En este orden de ideas, las mejoras en eficiencia según Cohen y Franco (2005) y CAF (2007) deben venir de la mano de un perfeccionamiento de los instrumentos de focalización como, por ejemplo, el Sisben, además del fortalecimiento de la institucionalidad para evitar la corrupción de los funcionarios. No obstante, según Scott (2000), la descentralización evita que estas acciones sean controlables dada la fragmentación de los entes y la abundante burocracia. Al final, solucionar estas problemáticas permitiría reorientar recursos de las regiones con mayor riqueza hacia los departamentos con necesidades más grandes e incrementar el gasto por persona asegurada.

Citas de pie de página

3. En Colombia, las tareas que tienen los entes territoriales en términos de la eficiencia en la ejecución de sus presupuestos fueron establecidas en la Ley 715 de 2001.

4. Se encuentra fijada por la Ley 715 de 2001, en los artículos 76 y 24.

5. Según el Decreto 2357 de 1995 el nivel uno del Sisben paga un 5% del valor de los servicios de salud recibidos en hospitales, sin exceder el equivalente a un salario mínimo mensual legal vigente (SMMLV).
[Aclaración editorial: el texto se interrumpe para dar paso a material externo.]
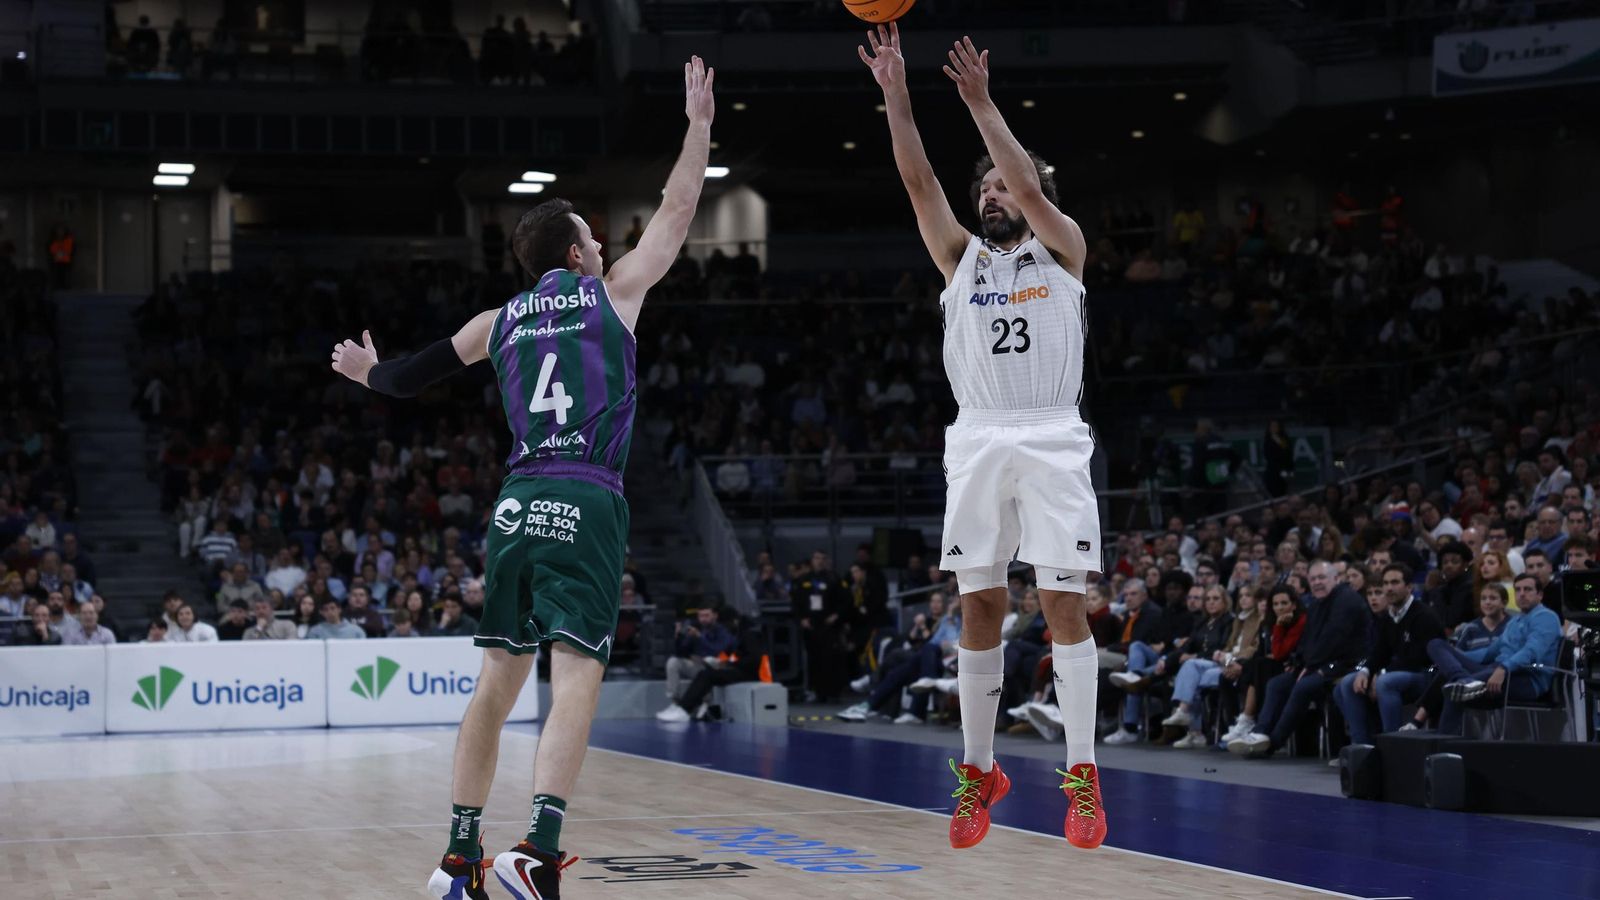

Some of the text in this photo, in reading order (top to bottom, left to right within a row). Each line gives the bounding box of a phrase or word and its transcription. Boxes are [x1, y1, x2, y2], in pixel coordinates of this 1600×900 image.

En el nivel dos cancelarán un 10% del valor de los servicios, sin exceder el equivalente a dos SMMLV. En el nivel tres se pagará hasta el 30% sin superar el valor de tres SMMLV.

6. En el Anexo 1 se observan las tasas de cobertura departamentales en los años de estudio.

7. En el Anexo 2 se puede observar el número de inscritos en este régimen por departamentos en los años de estudio.